The numbers tell a heavy story of expense and loss but a bulwark of prevention may be as close as your kitchen.

Yahoo News has a report out from researchers at Harvard T.H. Chan School of Public  Health studied up to 30 years of dietary data from 210,145 Americans to assess how much certain foods influence our heart disease and stroke risks.

What we have been told and told and are now told again that the keys to heart health may be red wine, coffee and vegetables. Researches found that consuming foods high in antioxidants – leafy greens, yellow veggies, coffee, tea and red wine – were linked to reduced inflammation and heart disease risks.

Diets high in these foods are consistently ranked among the healthiest in the world including the Mediterranean diet, which prioritizes healthy fats and fresh produce over red meat and processed foods, and the Blue Zones diet, modeled after regions around the world where people have the longest, healthiest lives.

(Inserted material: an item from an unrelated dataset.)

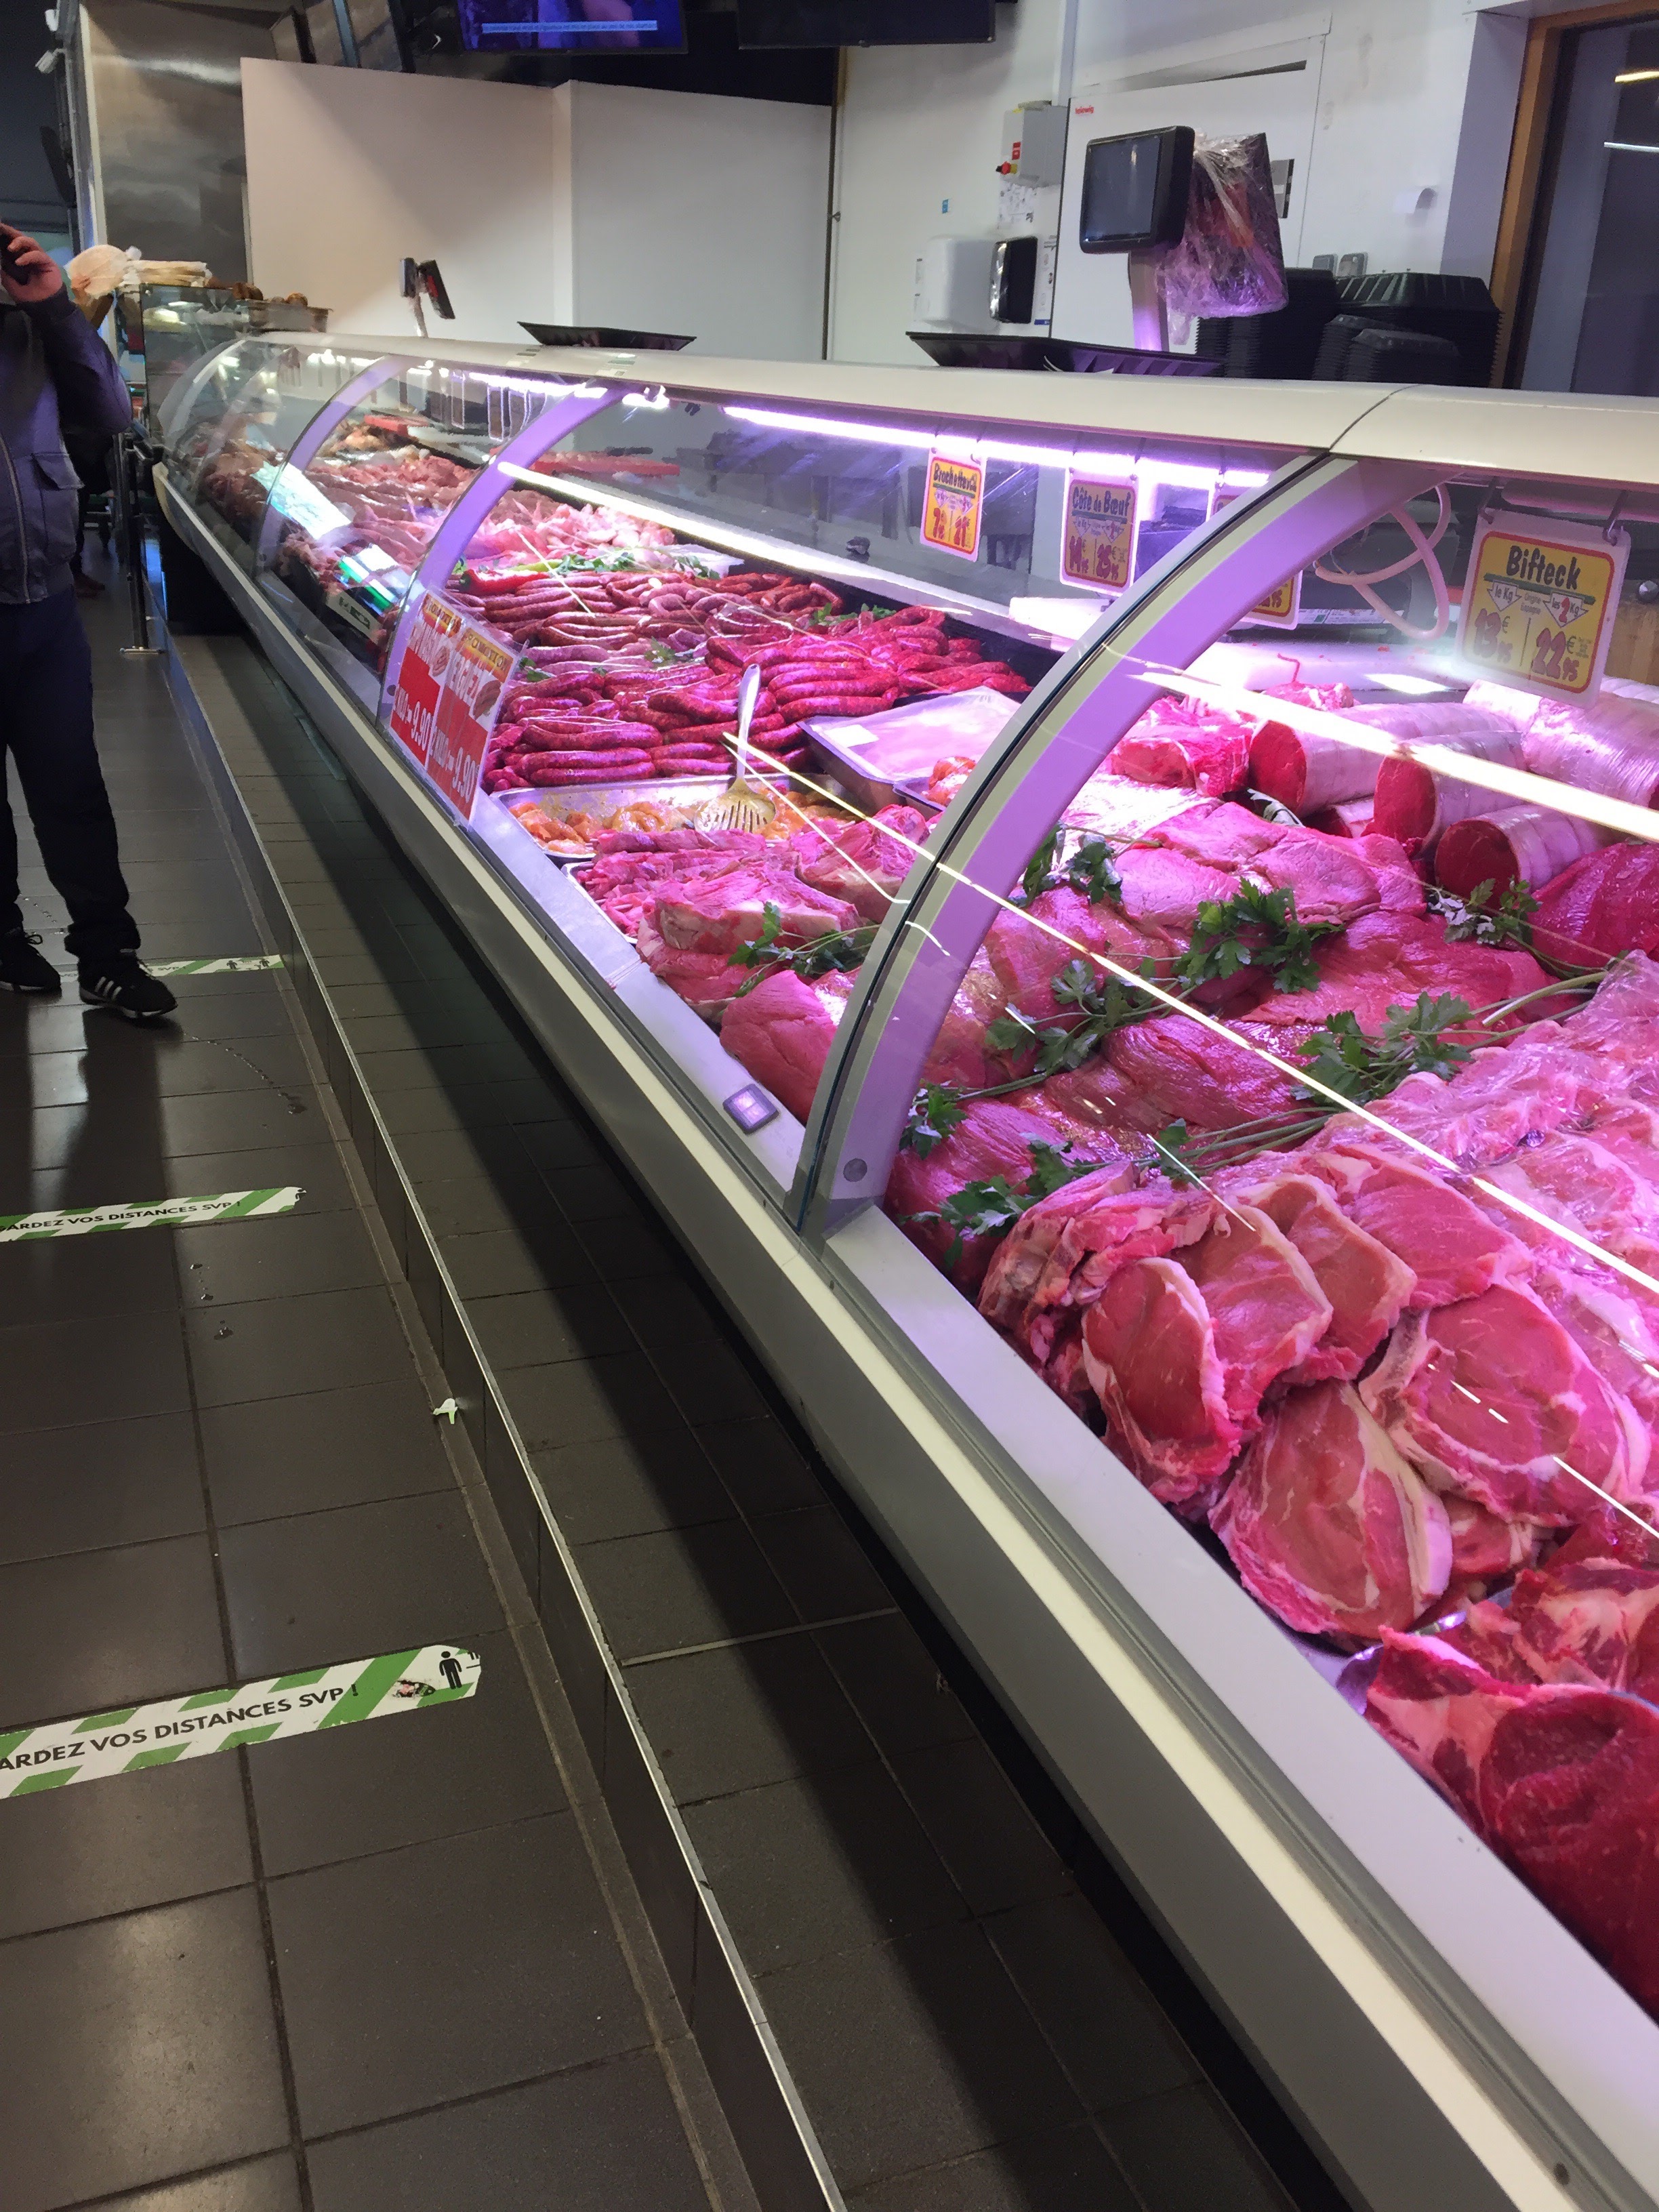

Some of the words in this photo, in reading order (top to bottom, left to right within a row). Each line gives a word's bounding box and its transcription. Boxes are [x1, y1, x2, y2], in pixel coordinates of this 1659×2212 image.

On the flip side, they found a diet high in pro-inflammatory ingredients, like processed meat and refined carbs, could increase a person's risk of heart disease by 46% and stroke by 28%. contrast, the study found that participants who ate a lot of anti-inflammatory foods had a lower risk of developing heart disease.

The conclusion - A better knowledge of the health protection provided by different foods and dietary patterns should provide the basis for designing dietary protections against heart disease say study authors..."When choosing foods in our diet, we should indeed beware of their pro-inflammatory and anti-inflammatory potential."